■ **TASK REQUIREMENTS**:
I would like the lines below, from the one with "this 1280×1283 image." through the one with "Some of the words", copied exactly and without any pictures.

■ **SOURCE RECORDS**:
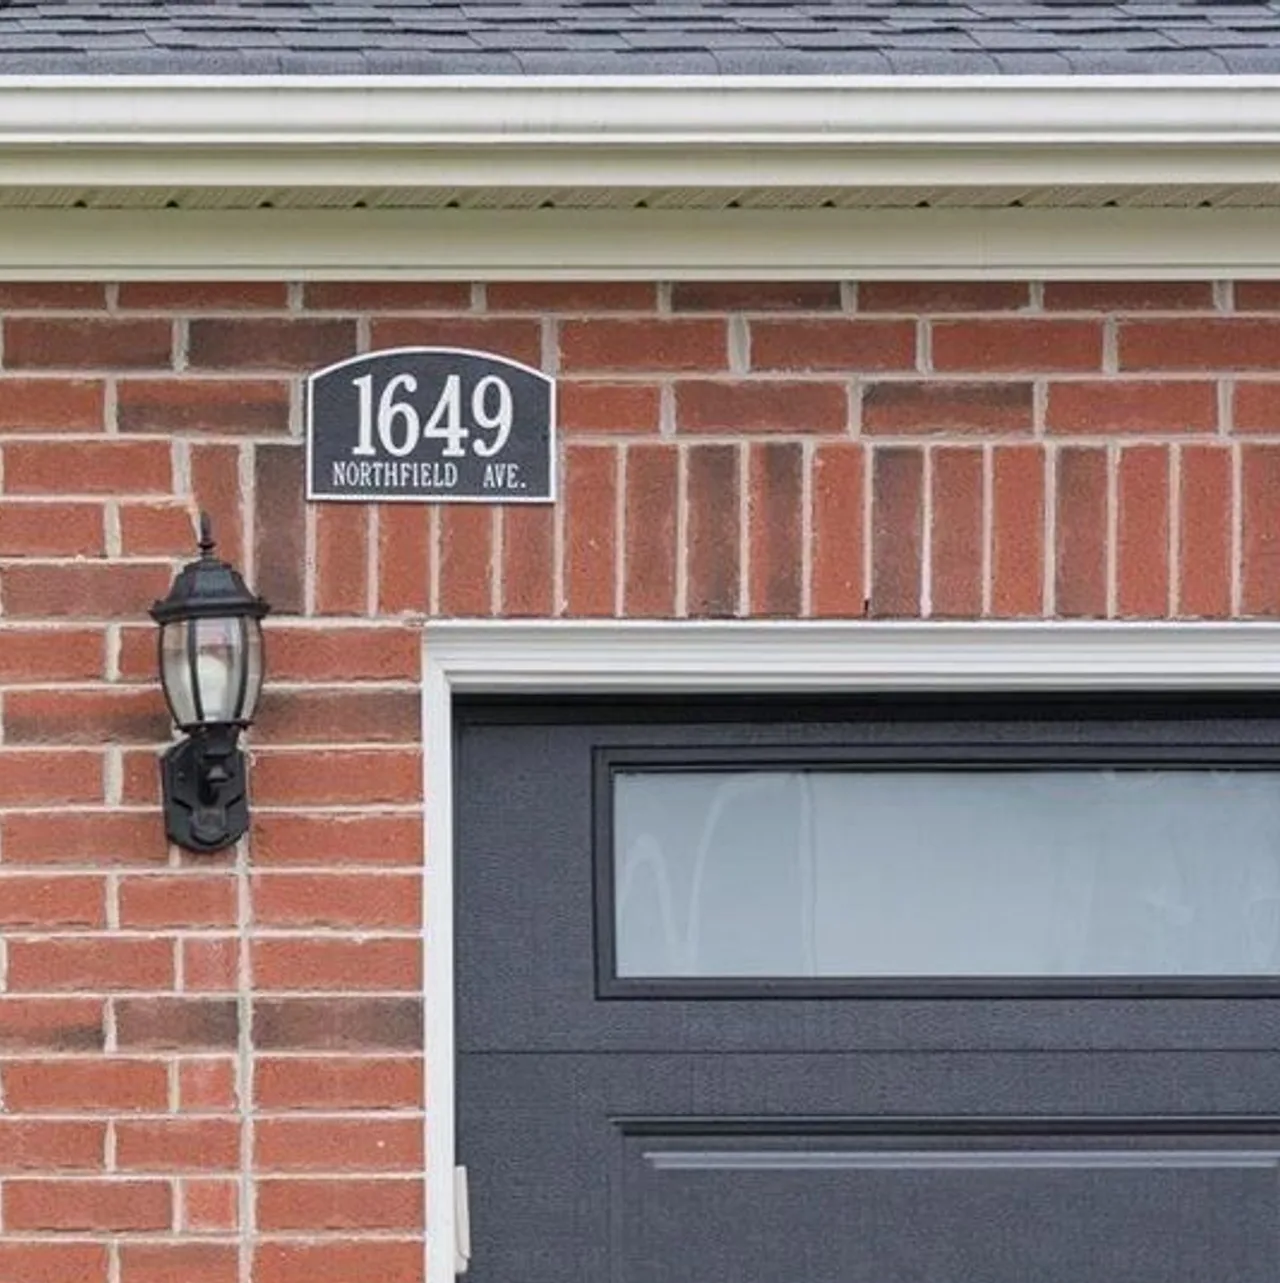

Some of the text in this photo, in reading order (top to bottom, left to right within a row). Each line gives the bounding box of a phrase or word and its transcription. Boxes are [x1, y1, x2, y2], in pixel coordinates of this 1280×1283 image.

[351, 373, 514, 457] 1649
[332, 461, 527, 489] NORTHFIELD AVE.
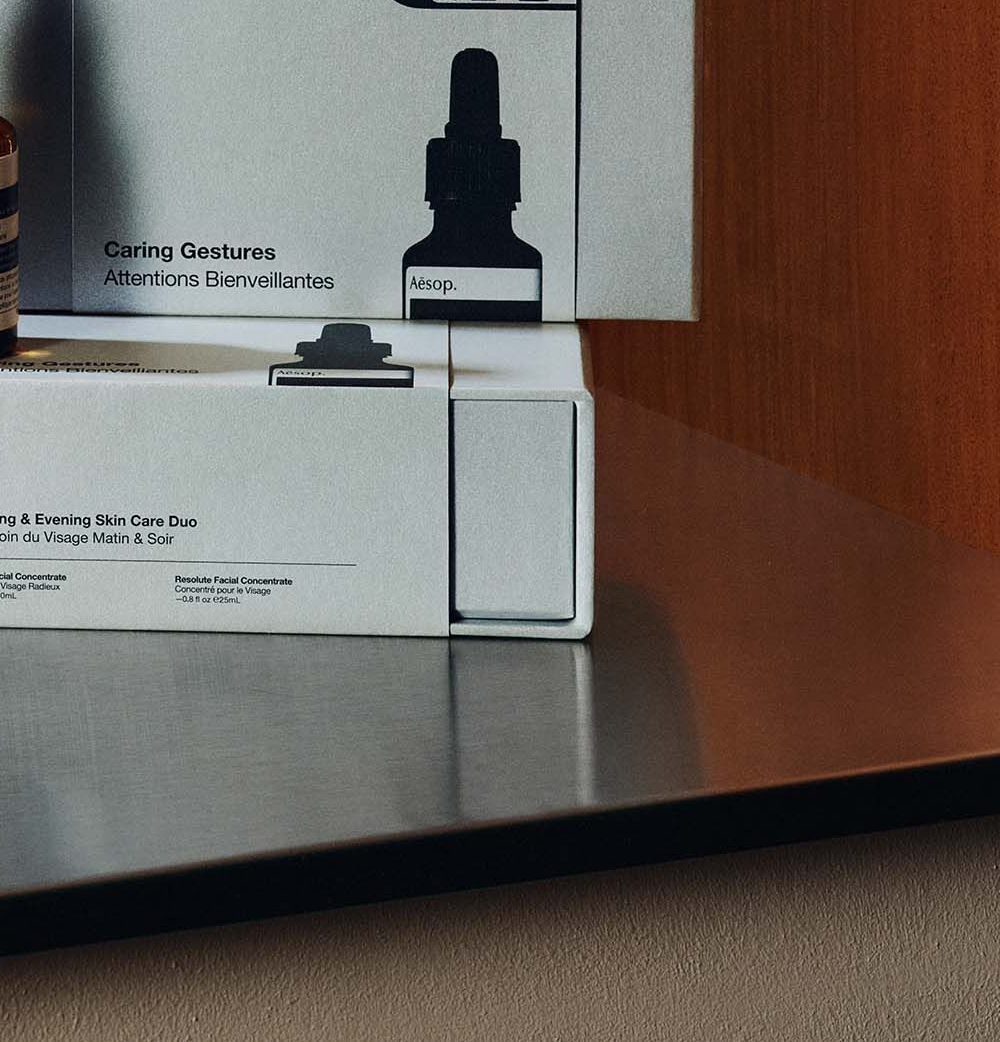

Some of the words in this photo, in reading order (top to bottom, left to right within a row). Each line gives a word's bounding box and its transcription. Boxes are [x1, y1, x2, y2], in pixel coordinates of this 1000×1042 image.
...
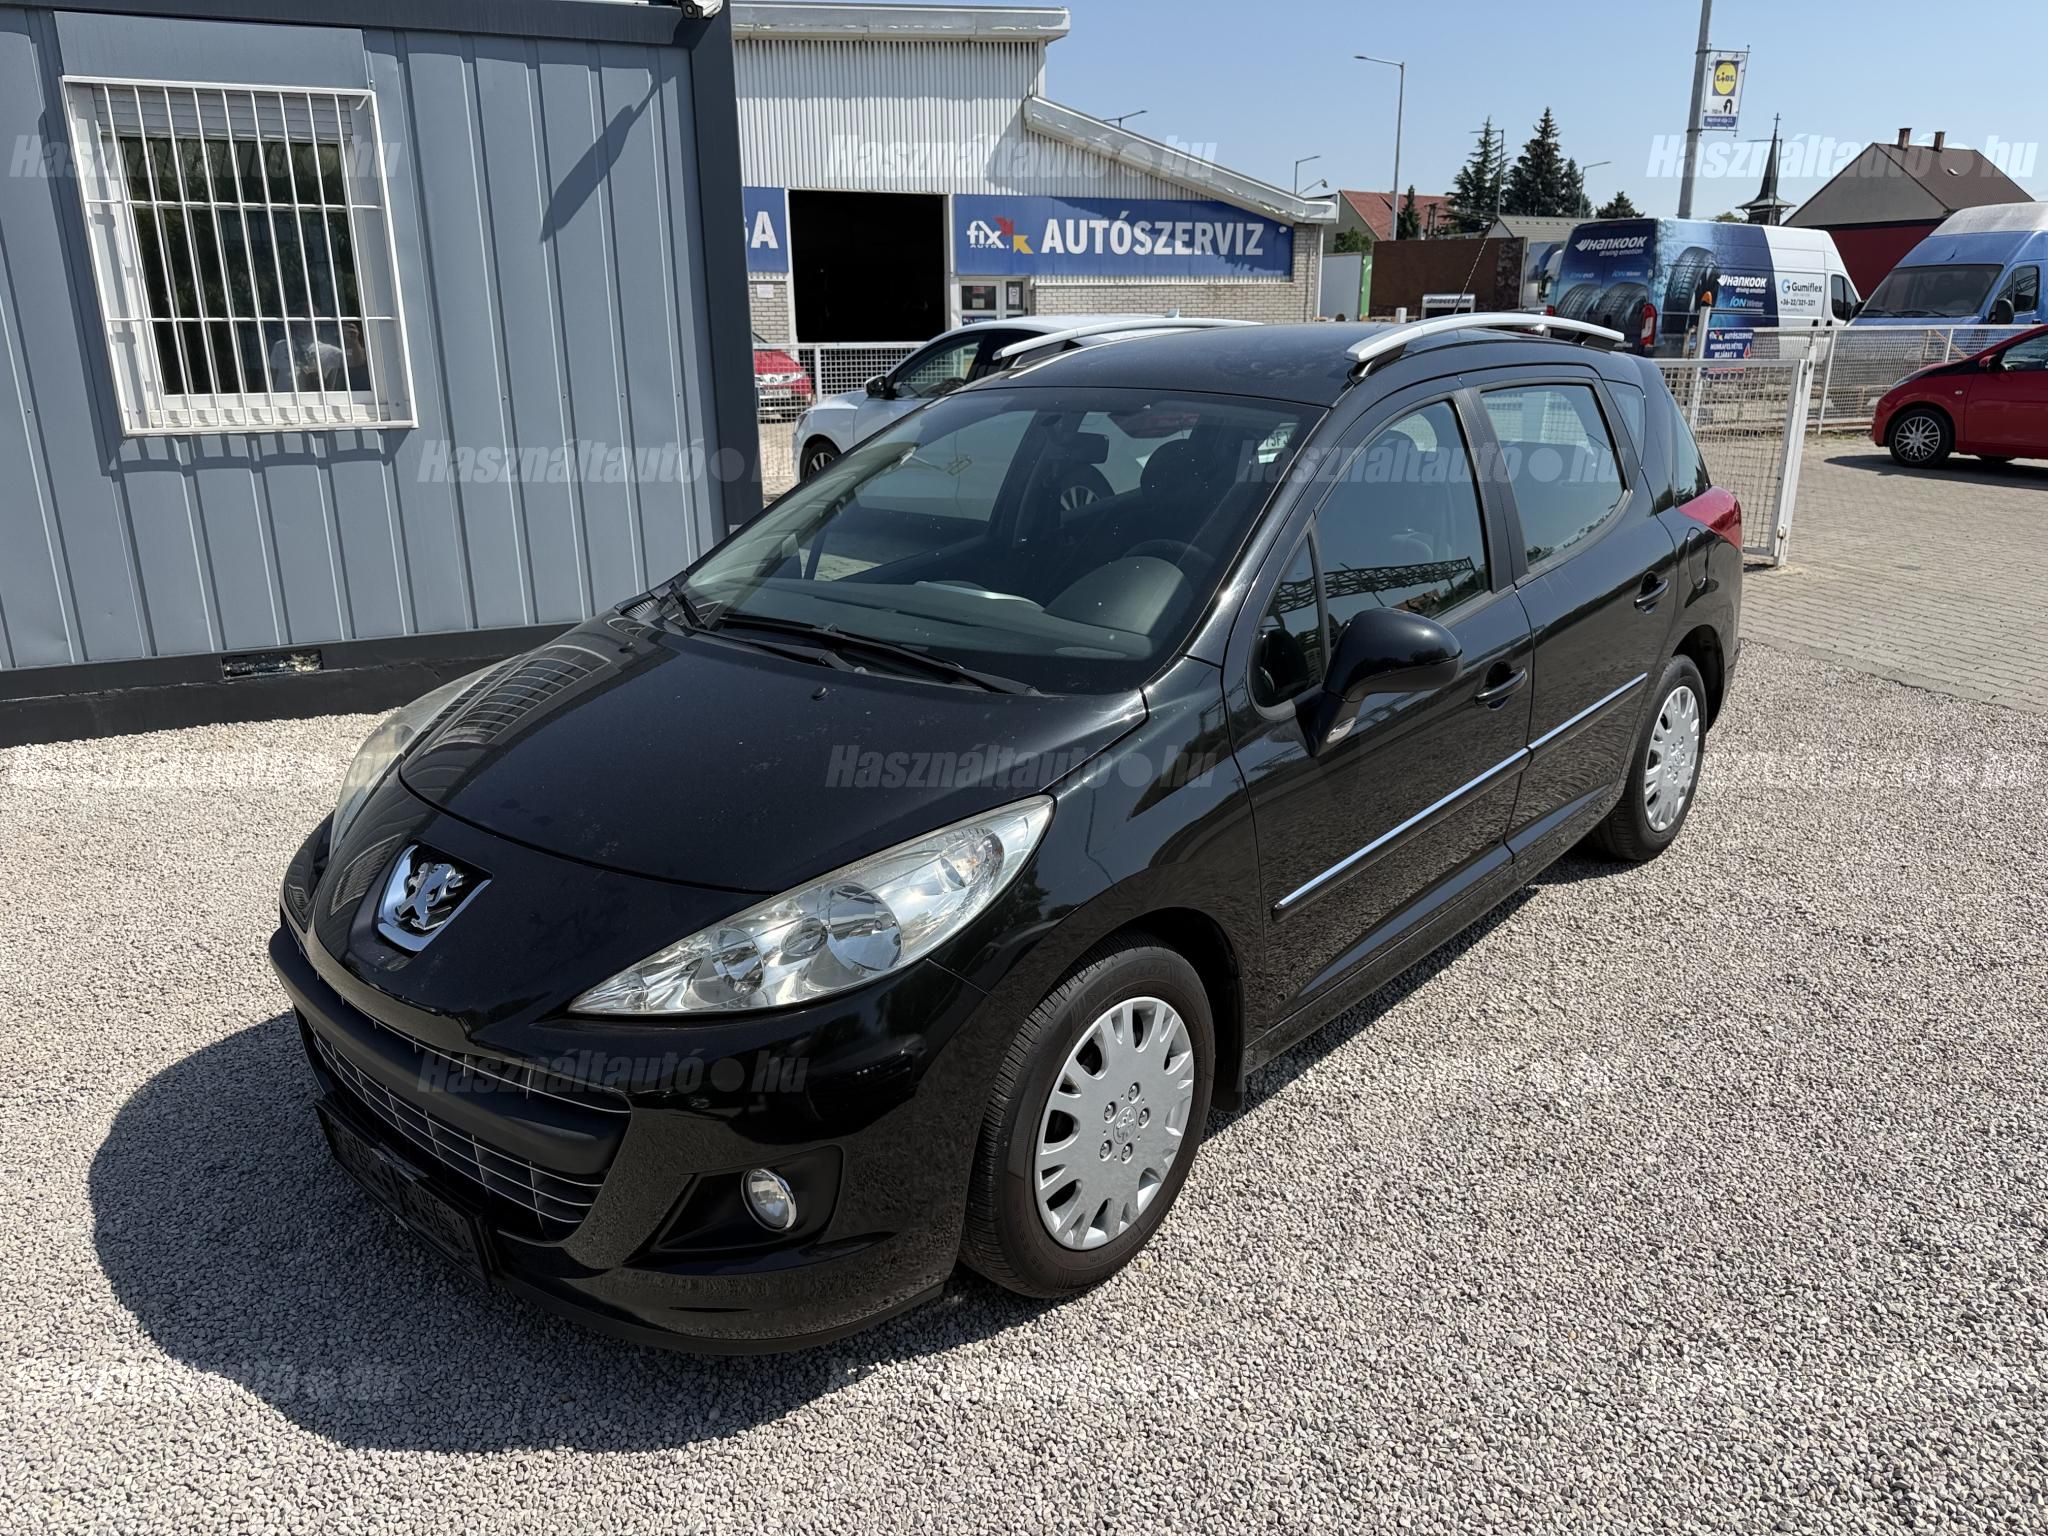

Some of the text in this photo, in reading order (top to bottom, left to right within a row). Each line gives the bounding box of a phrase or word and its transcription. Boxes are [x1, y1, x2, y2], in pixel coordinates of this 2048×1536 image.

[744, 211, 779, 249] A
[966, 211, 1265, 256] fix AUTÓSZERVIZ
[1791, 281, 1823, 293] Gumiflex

■ **SOLUTION TO THE EXERCISE**:
Some of the text in this photo, in reading order (top to bottom, left to right within a row). Each line gives the bounding box of a phrase or word and its transcription. Boxes are [x1, y1, x2, y2], in pixel coordinates of this 1280×1283 image.

[351, 373, 514, 457] 1649
[332, 461, 527, 489] NORTHFIELD AVE.

Some of the words in this photo, in reading order (top to bottom, left to right within a row). Each line gives a word's bounding box and its transcription. Boxes are [x1, y1, x2, y2], in pixel coordinates of this 1000×1042 image.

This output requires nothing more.